If you would like to learn more about the Esterel language, please read chapter 13 of the Stephen A. Edwards book, "Languages for Digital Embedded Systems".
SCADE History
SCADE™ has a colorful history of merging great technology into robust safety-critical products. Twenty years ago, Paul Caspi and Nicolas Halbwachs from Verimag, an academic research laboratory affiliated with the scientific University of Grenoble (UJF), the National Research Center (CNRS) and Grenoble Polytechnic Institute (INPG) created the formally-defined synchronous language, Lustre, for the development of critical control software. They won the well recognized Montpetit Prize of the "Académie des Sciences" for their work on Lustre.
In 1986, Merlin Gerin (now Schneider Electric), an industrial controls company, decided to use the Lustre concepts to design a tool called Saga to develop the monitoring and emergency stop system of a nuclear plants. This Saga project was a success, and, as a result, Merlin Gerin approached Verilog, a start-up software design company, to evaluate Saga as a commercial product.

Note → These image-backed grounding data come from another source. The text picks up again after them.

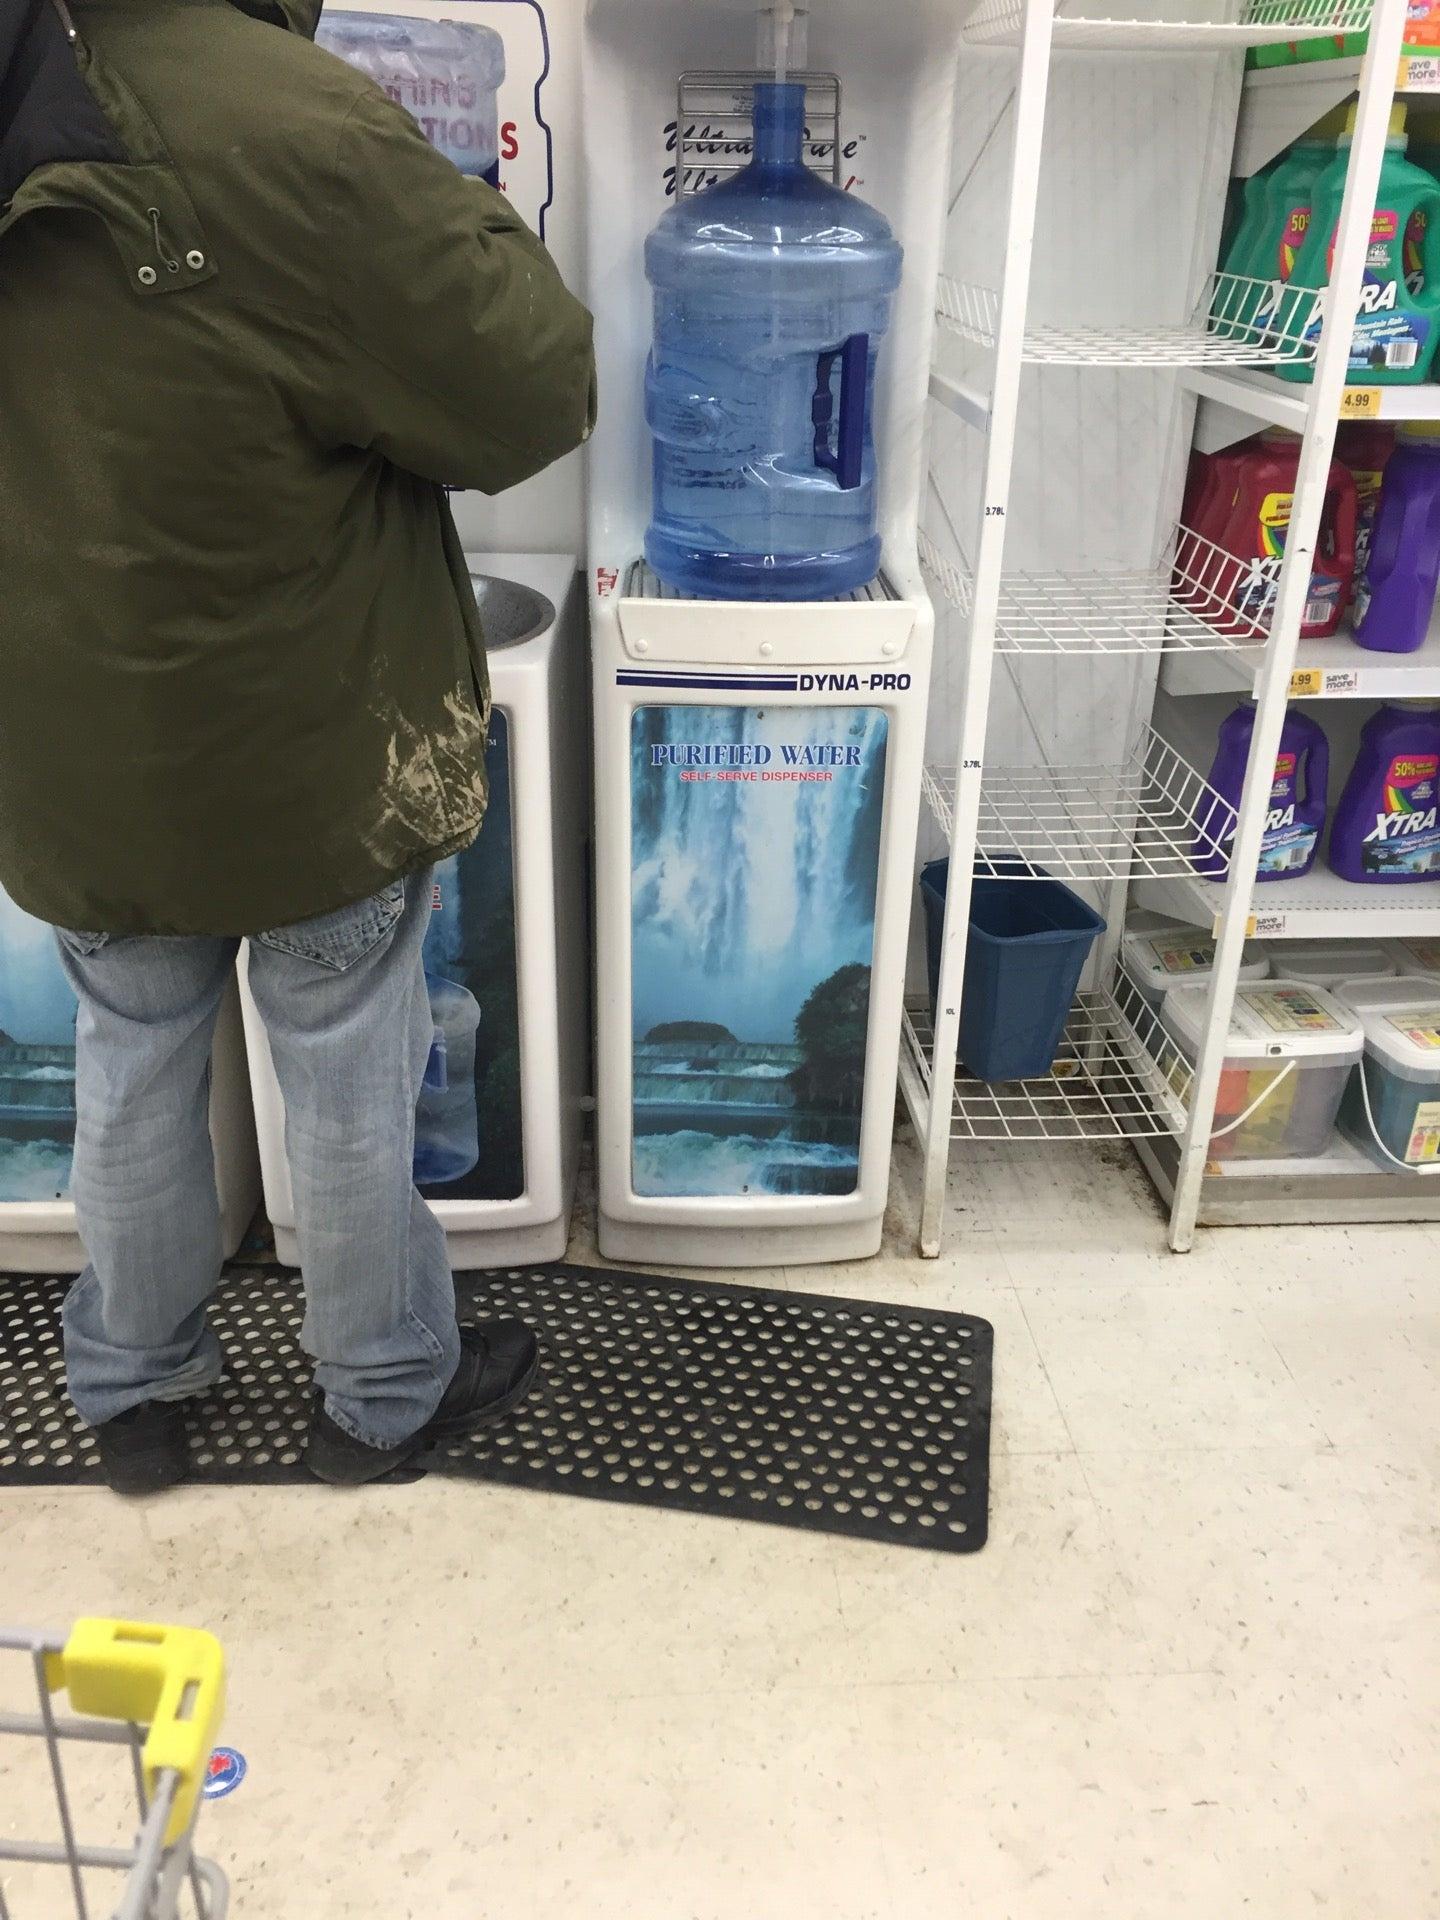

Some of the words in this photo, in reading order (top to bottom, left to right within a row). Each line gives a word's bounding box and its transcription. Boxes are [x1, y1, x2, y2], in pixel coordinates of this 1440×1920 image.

[1408, 60, 1431, 70] ave
[1344, 394, 1370, 406] 4.99
[985, 506, 1005, 516] 3.78L
[800, 673, 911, 691] DYNA-PRO
[1326, 673, 1349, 682] save
[1326, 680, 1354, 689] more
[651, 744, 772, 766] PURIFIED
[780, 743, 861, 766] WATER
[1394, 762, 1415, 776] 50%
[680, 771, 757, 781] SELF-SERVE
[761, 771, 833, 781] DISPENSER
[1363, 807, 1436, 842] XTRA
[1256, 917, 1278, 925] save
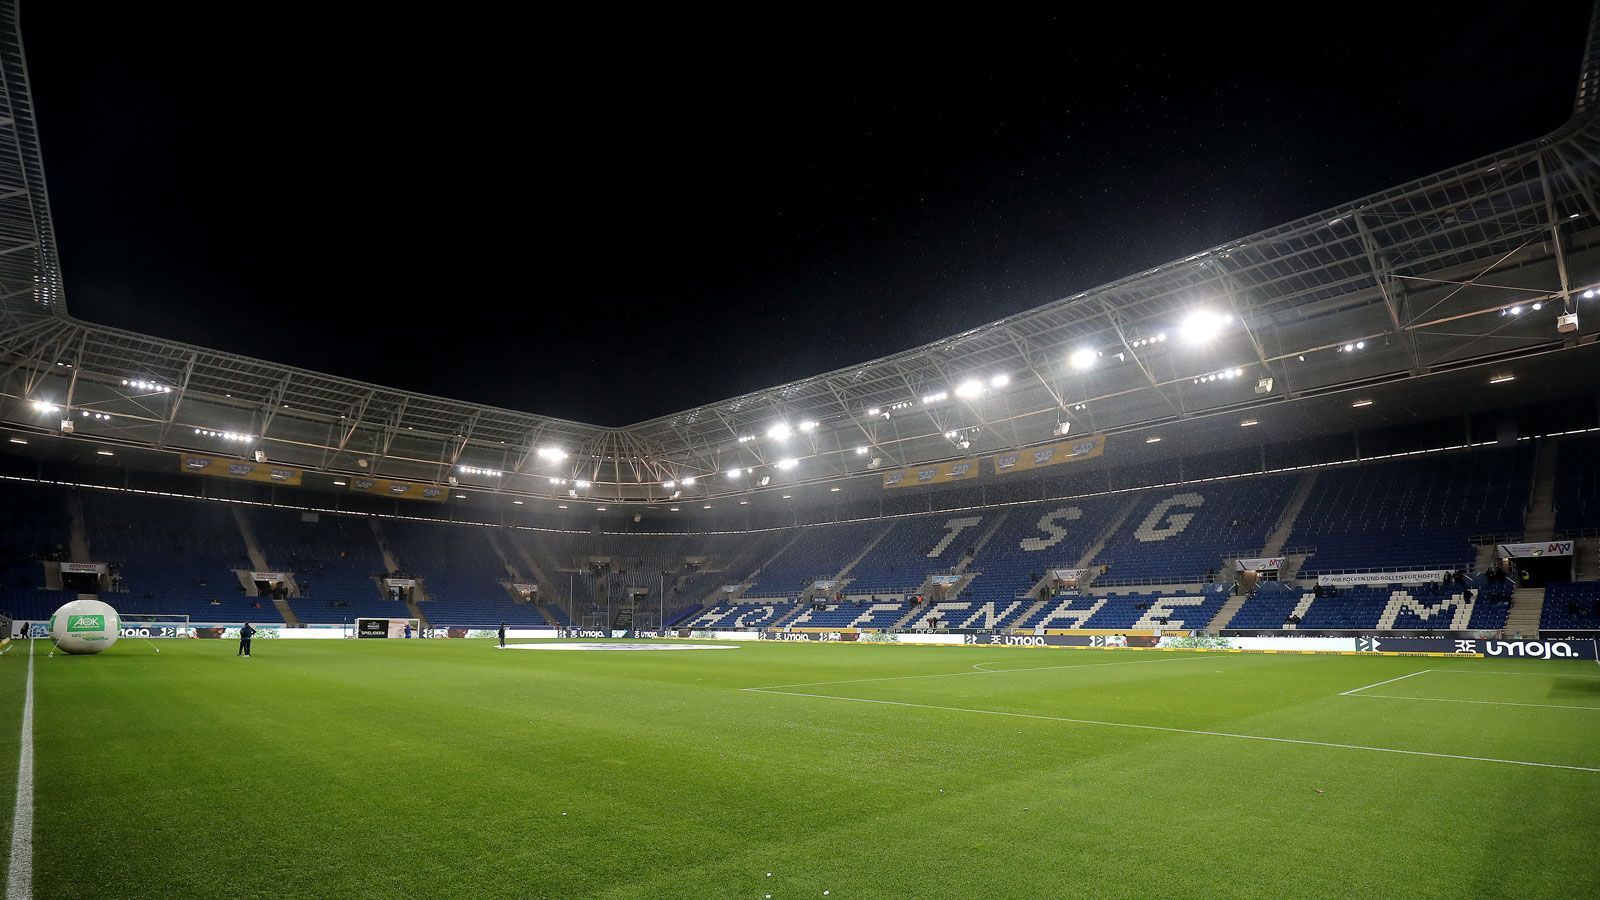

During the same period Verilog met the engineers of Aérospatiale (now Airbus) and realized that they had independently developed a very similar tool called SAO, which was used to develop the fly-by-wire and flight control of the Airbus A320.
With these two technologies in hand, Verilog decided to create a commercial product integrating both SAO and Saga, in partnership with Merlin Gerin and Aérospatiale. This new product was named SCADE™.
SCADE was successfully deployed by Verilog until it was purchased by Telelogic in March 1999. SCADE was integrated into the growing Telelogic product line and continued its success in more safety-critical accounts, primarily aerospace firms with strict DO-178B requirements.
On November 1st, 2001, Esterel Technologies purchased the assets of the SCADE business unit from Telelogic. As part of the agreement, all SCADE employees joined Esterel Technologies' R&D and Marketing teams.
ESTEREL SCADE takes advantage of the power of expressiveness of synchronous languages to create unambiguous specifications that produce automated implementation. Today, ESTEREL SCADE Suite™ is the standard for the creation of DO-178B and ED-12B safety-critical embedded software in the avionics industry. A complementary product, ESTEREL SCADE Display, acquired in 2006 by Esterel Technologies from Thales Avionics enables Graphical Display Systems developers to design, verify and automatically generated graphical display systems applications, such as cockpit and dashboard display systems.
SCADE continues to evolve as the intelligent choice for development of high reliability and safety-critical systems. In February 2005, SCADE's KCG C code generation module received formal IEC 61508 product certification, applicable to all Safety Integration Levels, including SIL4. This certification enables automotive, transportation, medical and industrial controls designers to develop and deploy SCADE applications in an ever-increasing range of quality-critical systems.